- Born: 1937 Riyadh, Saudi Arabia
- Died: 27 June 1958 (aged 20–21) San Francisco, United States
- Issue: Faisal bin Thamir Al Saud

Names
- Thamir bin Abdulaziz bin Abdul Rahman bin Faisal bin Turki bin Abdullah bin Muhammad bin Saud
- House: Al Saud
- Father: King Abdulaziz
- Mother: Nouf bint Nawaf bin Nuri Al Shaalan

= Thamir bin Abdulaziz Al Saud =

Saudi royal (1937–1958)

Thamir bin Abdulaziz Al Saud (ثامر بن عبد العزيز آل سعود; 1937 – 27 June 1958) was a member of the House of Saud. He committed suicide at a young age and therefore, held no important cabinet position.

==Biography==
Prince Thamir was born in 1937 to King Abdulaziz and Nouf bint Nawaf bin Nuri Al Shaalan, who had married in November 1935. Nouf bint Nawaf was from the Ruwala tribe based in the northwestern Saudi Arabia, Transjordan and Syria and was the granddaughter of Nuri Al Shalaan, the Emir of the tribe.

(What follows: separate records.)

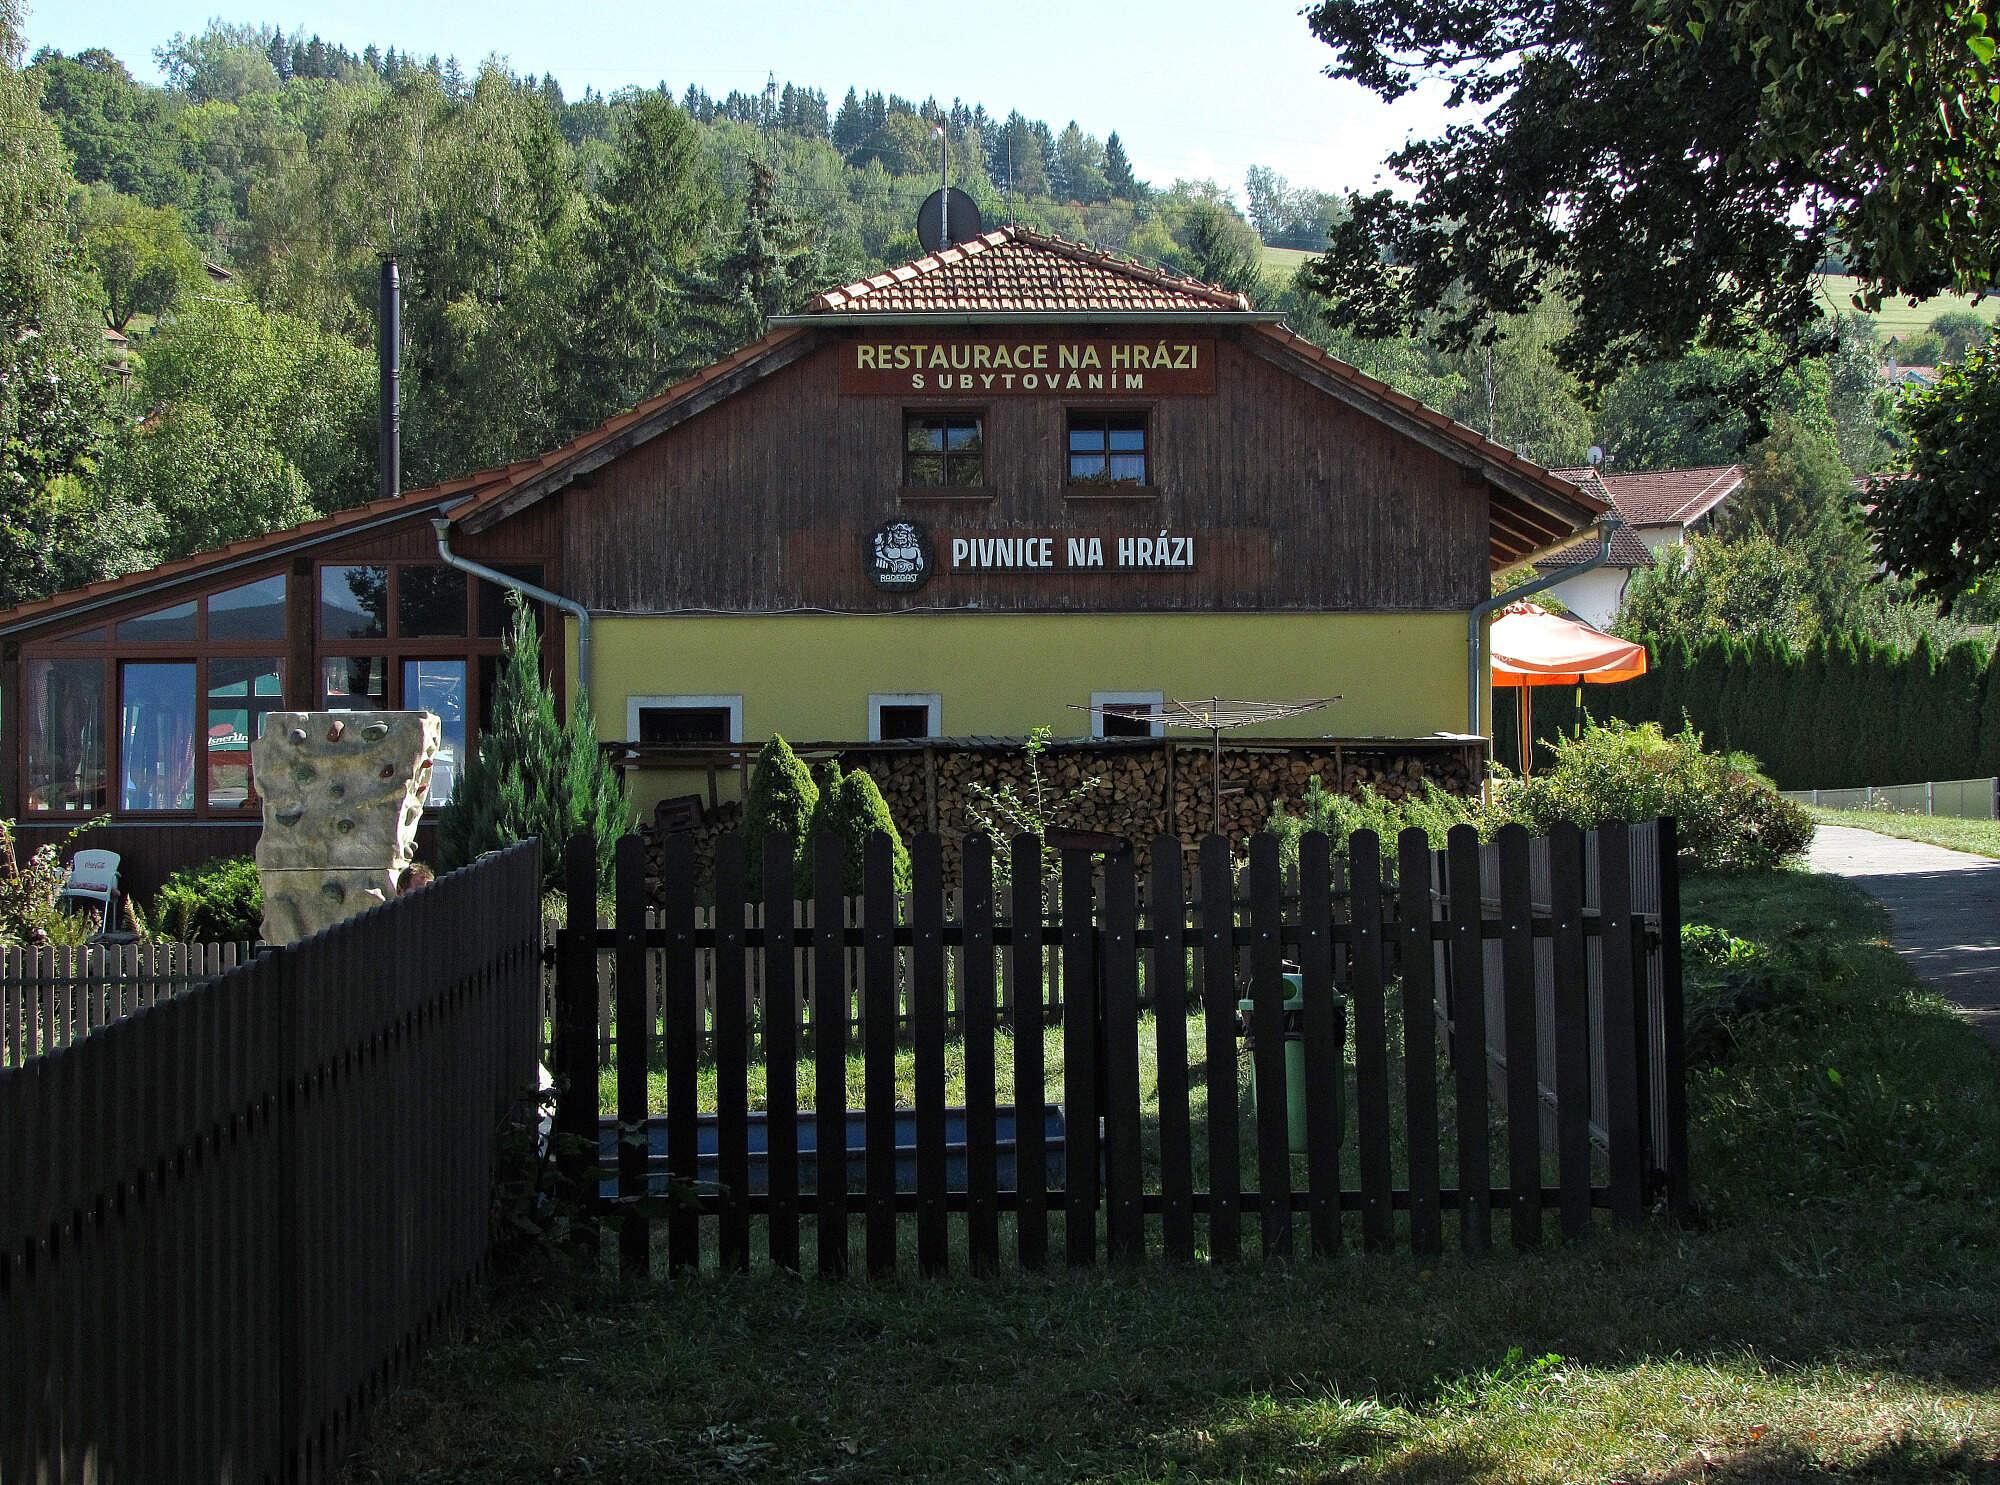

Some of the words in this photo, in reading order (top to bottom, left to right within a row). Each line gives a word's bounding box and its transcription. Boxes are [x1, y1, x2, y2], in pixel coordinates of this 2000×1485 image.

[857, 344, 1048, 369] RESTAURACE
[1058, 344, 1102, 369] NA
[1111, 340, 1198, 369] HRÁZI
[911, 373, 925, 389] S
[938, 370, 1144, 389] UBYTOVÁNÍM
[952, 537, 1053, 567] PIVNICE
[1067, 537, 1104, 566] NA
[1118, 529, 1194, 566] HRÁZI
[880, 573, 919, 583] RADEGAST

Prince Thamir had two full brothers: Prince Mamdouh and Prince Mashhur. Prince Thamir committed suicide in 1958.

Prince Thamir had a son, Faisal, who was among the members of the Allegiance Commission. Faisal bin Thamir's ex-wife is Seeta bint Abdullah, a daughter of former ruler of Saudi Arabia, King Abdullah.